“Beediyundo sakhave oru theepatti edukkan”
This code phrase from Lal Salam (1990), along with many other dialogues from the film involving lead character “Nettooran” (Stephen Nettoor, played by Mohanlal) would reverberate across the length and breadth of Kerala during the Christmas season 30 years ago, beginning this week.
Lal Salam was released in the backdrop of the district council election, the precursor to the local body elections, in which the ruling Left Democratic Front (LDF) government led by E.K. Nayanar won a landslide 12 of the 14 districts, heightening expectations that the Left would win a second term.

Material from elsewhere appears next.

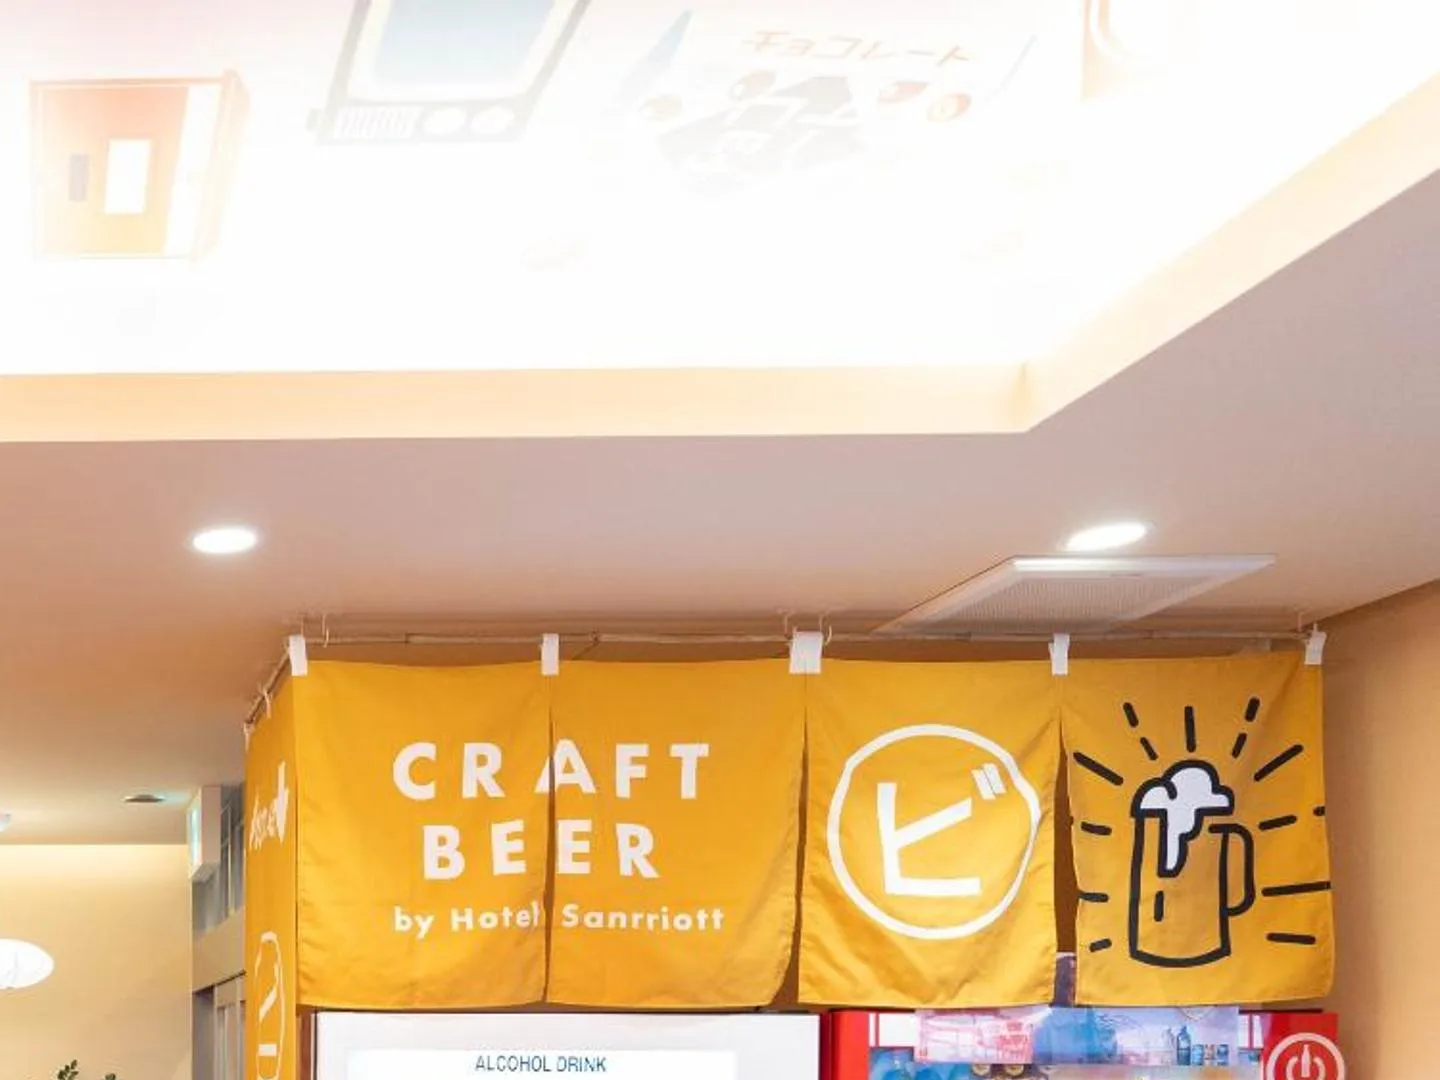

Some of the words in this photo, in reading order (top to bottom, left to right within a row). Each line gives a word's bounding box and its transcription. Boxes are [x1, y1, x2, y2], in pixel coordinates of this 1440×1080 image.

Lal Salam would go on to capture the imagination of the masses and appreciation of the classes alike, and would attain cult status in the years to come. The film ran for 150 days in six major centres in early 1991, with the LDF government utilising the powerful visuals and punch dialogues from it during the election season, which eventually swung away from the Left on account of the sympathy wave generated following prime minister Rajiv Gandhi’s assassination.
While some intellectuals like to dismiss Lal Salam as “pulp fiction” today, the film has been, to a great extent, true to facts, as revealed by Cheriyan Kalpakavady, who wrote the film. Although it is celebrated as the story of the legendary political couple, T.V. Thomas and K.R. Gowri (who is still alive at 101), it is just as much the story of the forgotten communist, T.K. Varghese Vaidyan (Nettooran), who rendered yeoman service to the Communist party since its inception in Travancore.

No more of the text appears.